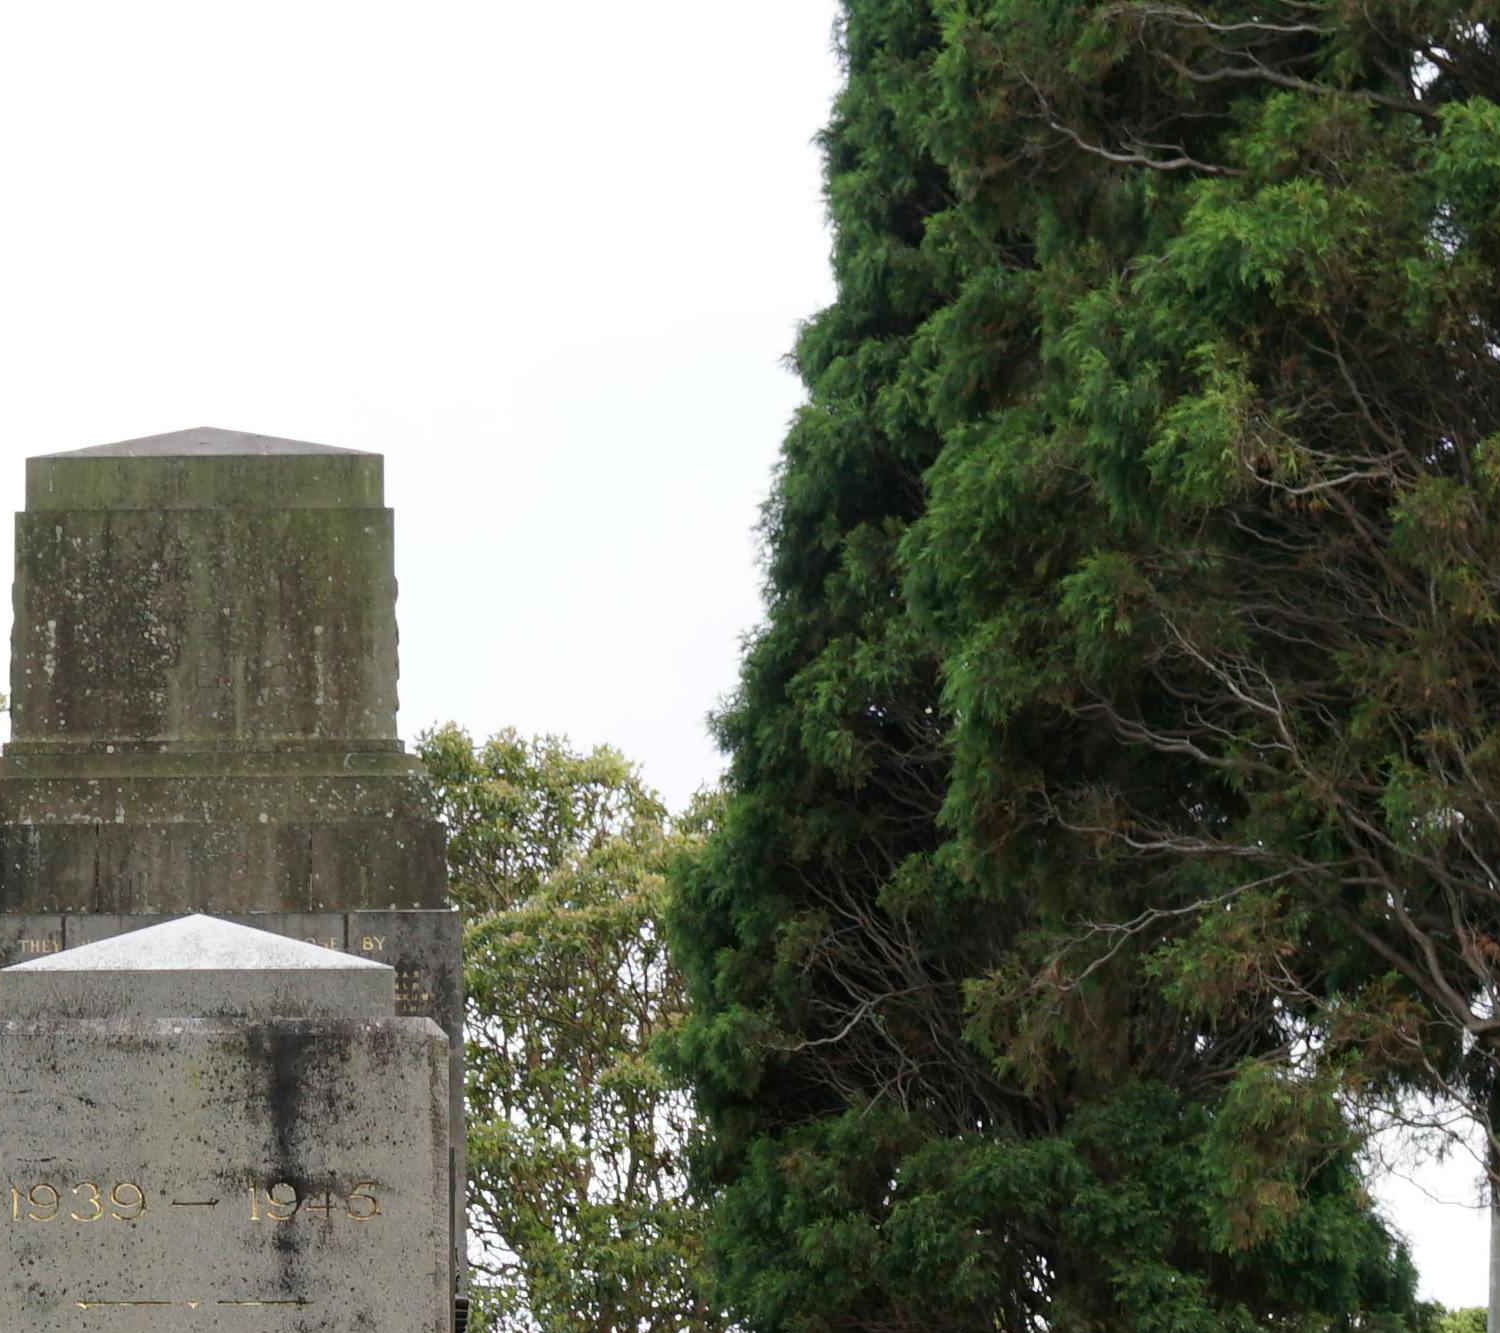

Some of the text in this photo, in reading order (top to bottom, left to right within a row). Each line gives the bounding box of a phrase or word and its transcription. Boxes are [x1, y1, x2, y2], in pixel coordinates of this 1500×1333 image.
====================
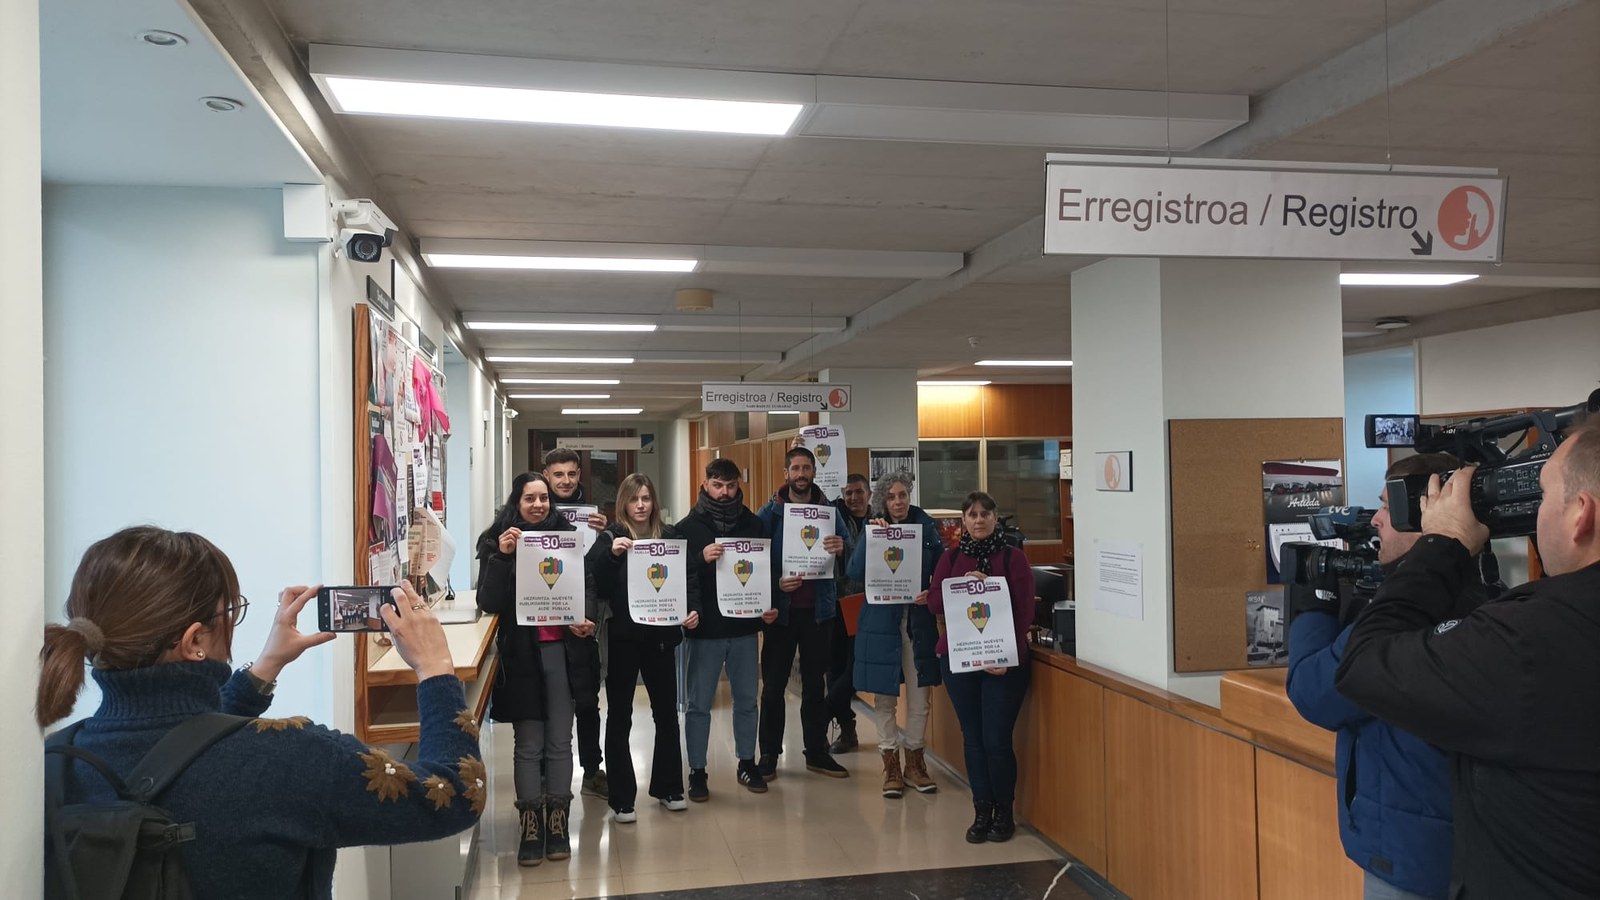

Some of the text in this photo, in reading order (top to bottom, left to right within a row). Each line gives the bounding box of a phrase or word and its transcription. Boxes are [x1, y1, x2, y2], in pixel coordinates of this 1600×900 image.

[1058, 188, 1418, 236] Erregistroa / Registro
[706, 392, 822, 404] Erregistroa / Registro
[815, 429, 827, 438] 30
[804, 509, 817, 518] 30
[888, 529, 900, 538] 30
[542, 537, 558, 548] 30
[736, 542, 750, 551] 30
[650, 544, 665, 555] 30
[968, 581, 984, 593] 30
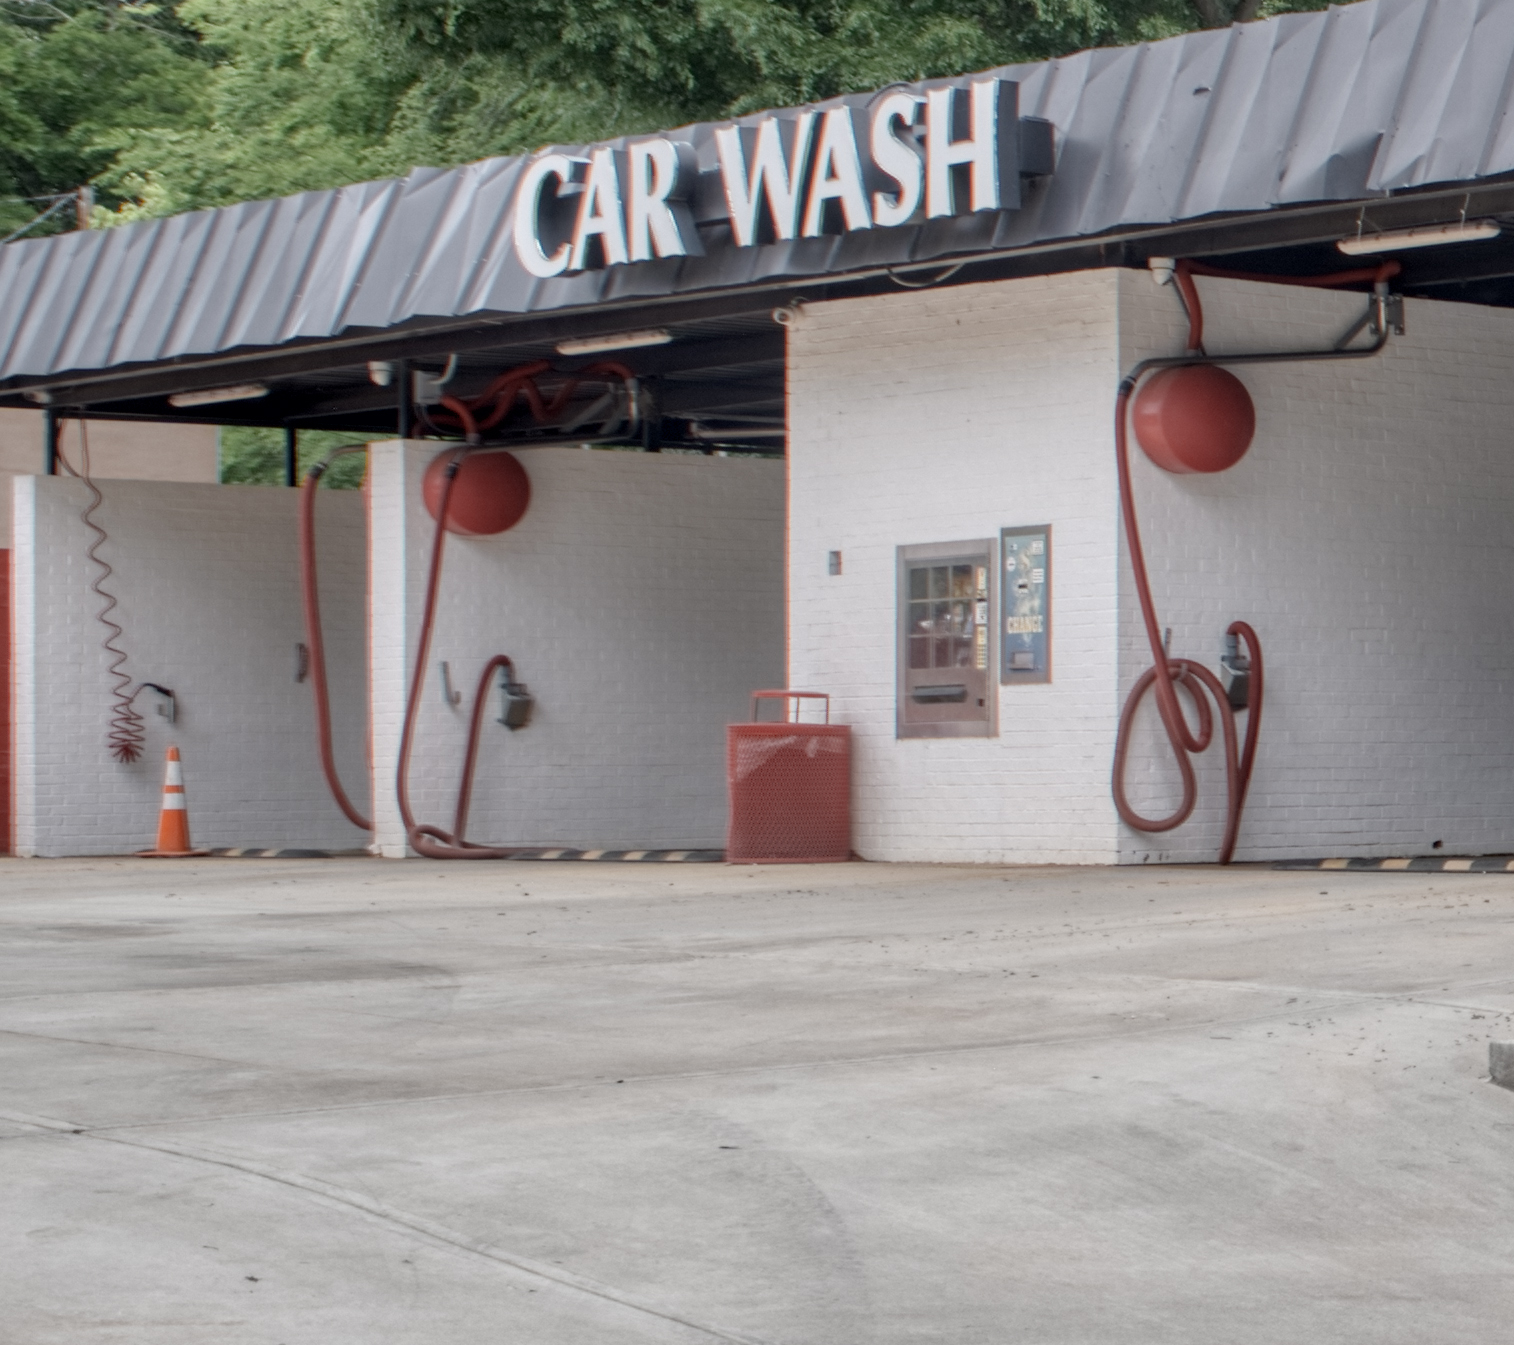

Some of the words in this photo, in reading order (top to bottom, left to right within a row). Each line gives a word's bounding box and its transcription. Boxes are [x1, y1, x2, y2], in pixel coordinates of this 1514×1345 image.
====================
#### [Task description]
Copy only these lines from the records above, exactly: the one with "this 1600×900 image.", the one with "Some of the words", and those between. Skip the pictures.

#### [Reply]
Some of the text in this photo, in reading order (top to bottom, left to right within a row). Each line gives the bounding box of a phrase or word and its transcription. Boxes are [x1, y1, x2, y2], in pixel coordinates of this 1600×900 image.

[1058, 188, 1418, 236] Erregistroa / Registro
[706, 392, 822, 404] Erregistroa / Registro
[815, 429, 827, 438] 30
[804, 509, 817, 518] 30
[888, 529, 900, 538] 30
[542, 537, 558, 548] 30
[736, 542, 750, 551] 30
[650, 544, 665, 555] 30
[968, 581, 984, 593] 30

Some of the words in this photo, in reading order (top to bottom, left to right within a row). Each line gives a word's bounding box and its transcription. Boxes are [x1, y1, x2, y2], in pixel coordinates of this 1514×1345 image.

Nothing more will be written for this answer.